En la mayoría de los casos, los padres de la Iglesia
no hacían sino justificar teológicamente las
prácticas ascéticas ya evidentes entre los ermitaños
individuales y los grupos de vírgenes consagrados de
ambos sexos. De todas maneras, lo que los eruditos padres
escribían para su círculo, bastante limitado,
de colegas cultos causaba consecuencias menores que el concepto
que las propias comunidades cristianas primitivas tenían
de las virtudes de un santo. Eran, al fin y al cabo, los mismos
siglos que vieron el auge del culto de los santos como rasgo
distintivo del cristianismo y, en los santos -casi siempre
célibes-, era en quienes tanto los eruditos como los
iletrados buscaban modelos de perfección humana (y
cristiana).
Como hemos visto en el capítulo 2, las nociones cristianas
de la santidad se identificaron, desde los más remotos
orígenes de la Iglesia, con la renuncia: renuncia a
la vida, en el caso de los mártires, y al "mundo"
en general y a "la carne" en particular en el caso
de los ascetas. Pero abrazar la virginidad no significaba
simplemente rehuir la carne, así como abrazar el martirio
no significaba rehuir la vida; era también abrirse
plenamente al poder transformador del emergente reino de Dios
y a la esperada vida en el cielo.
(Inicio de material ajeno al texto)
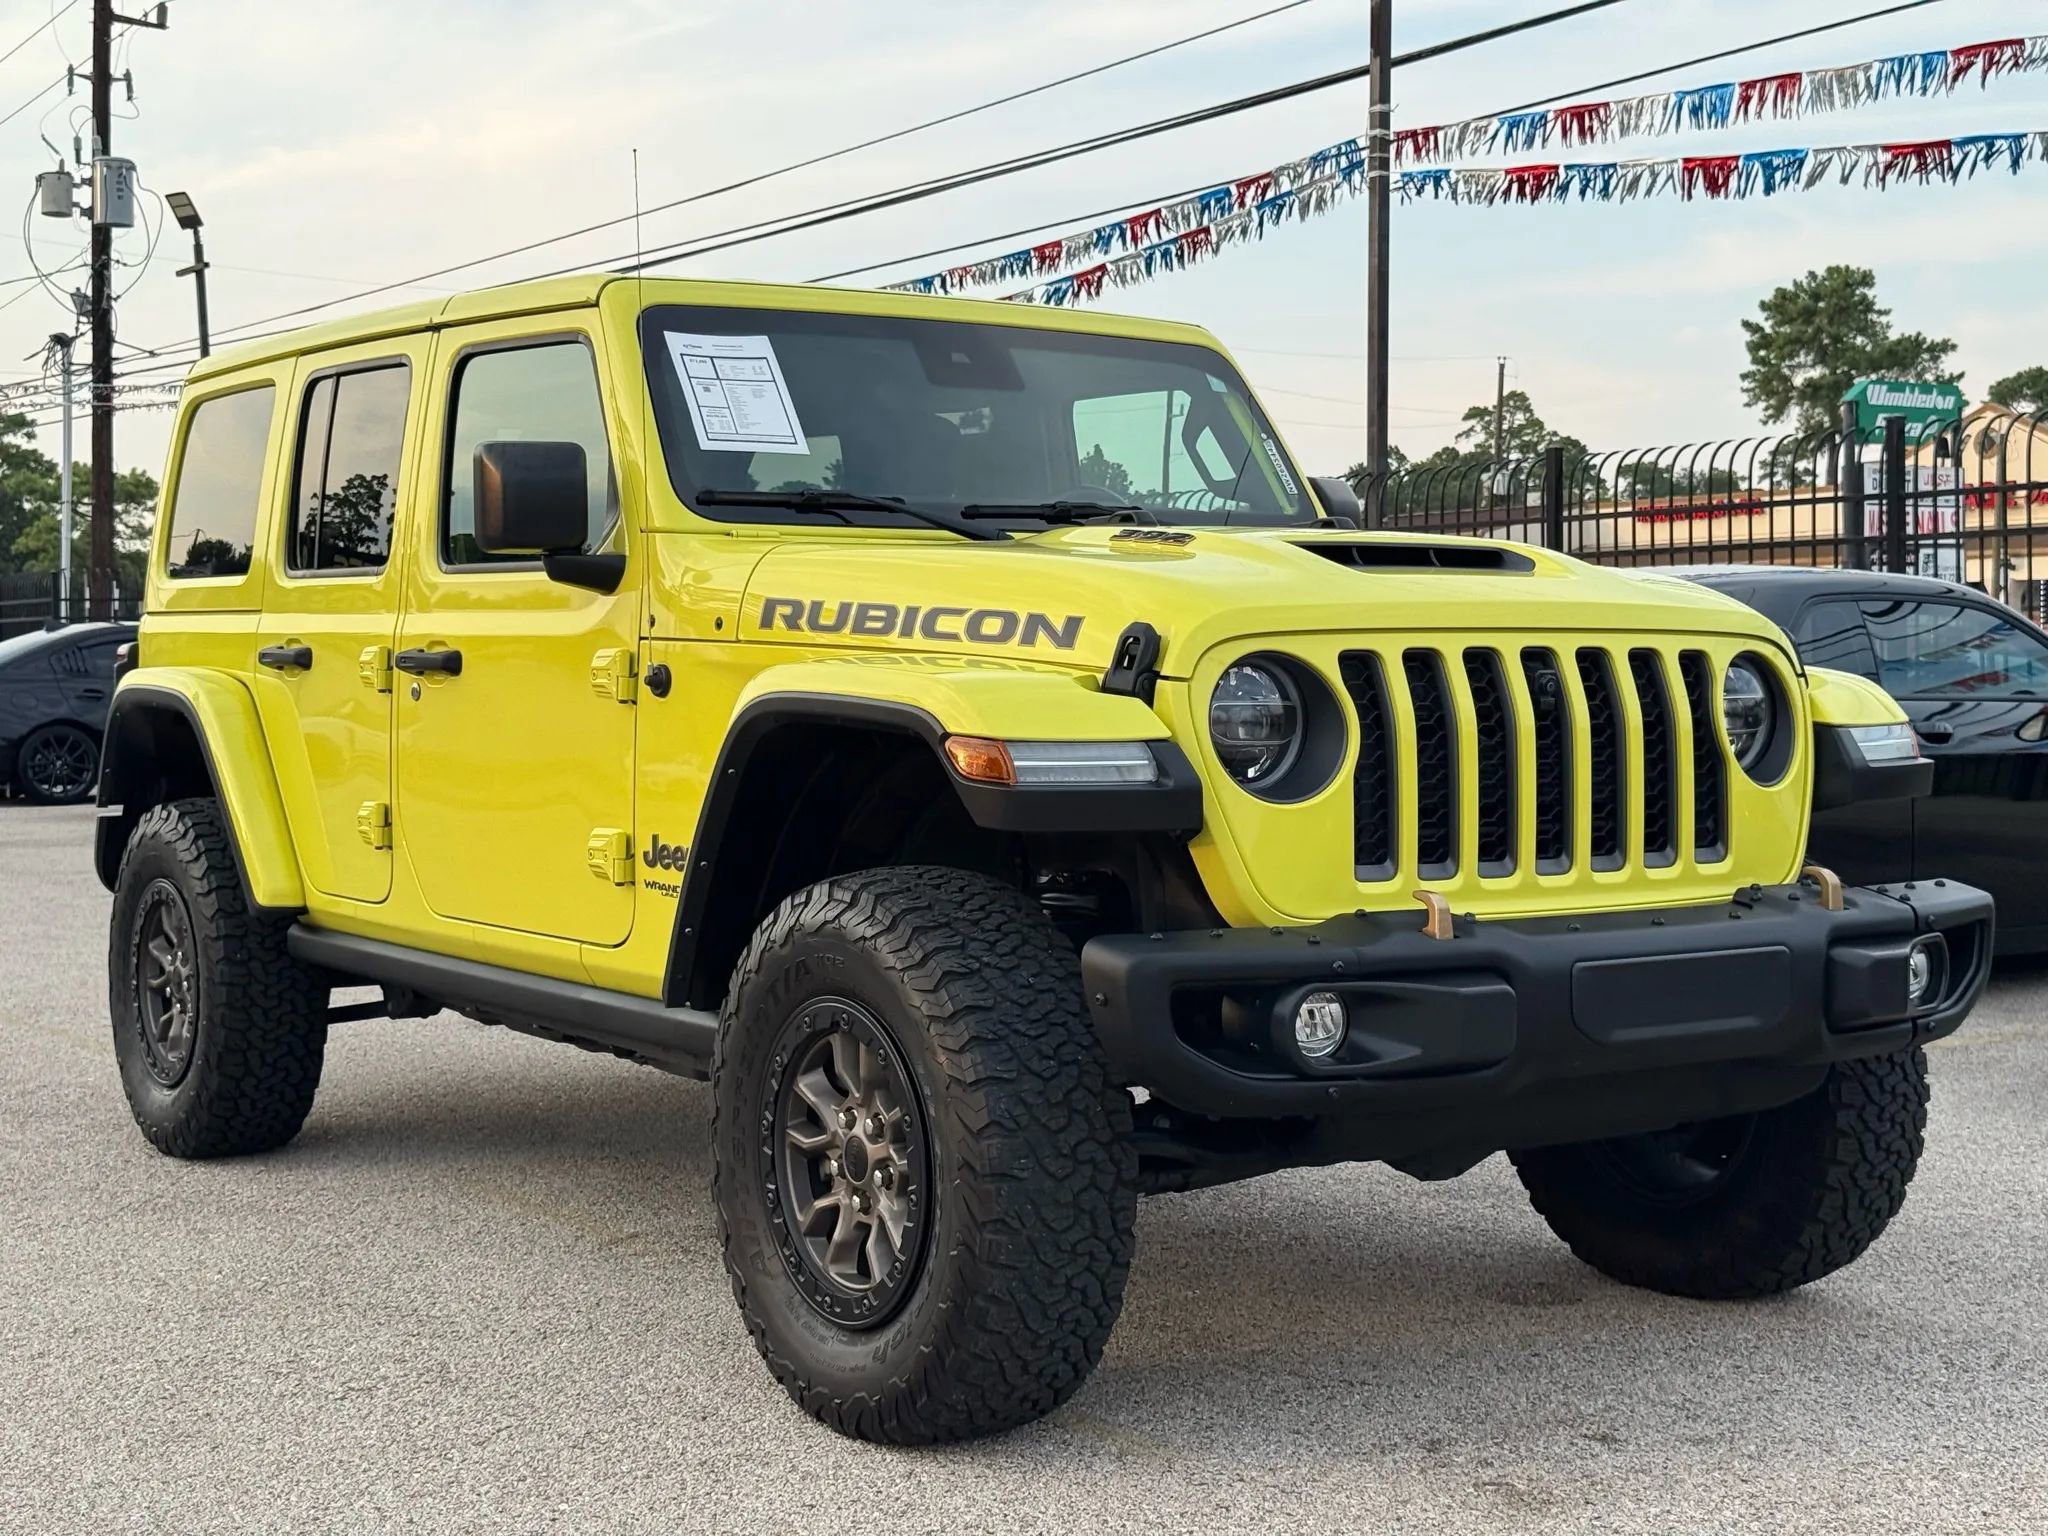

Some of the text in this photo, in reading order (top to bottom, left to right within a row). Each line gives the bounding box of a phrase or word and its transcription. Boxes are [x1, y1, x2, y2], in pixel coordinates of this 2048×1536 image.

[1866, 383, 1956, 410] Wimbledon
[1109, 528, 1197, 547] 392
[758, 596, 1086, 650] RUBICON
Había virtud en un
casto matrimonio cristiano, pero solamente en la virginidad
-tanto de las mujeres como de los hombres- se hallaba la virtud
heroica del santo.
Una y otra vez se repite ese mensaje en los innumerables
santos, cuyas historias y leyendas han catequizado a los creyentes
a lo largo de los siglos de modo mucho más poderoso
que los escritos de los obispos y de los teólogos eruditos.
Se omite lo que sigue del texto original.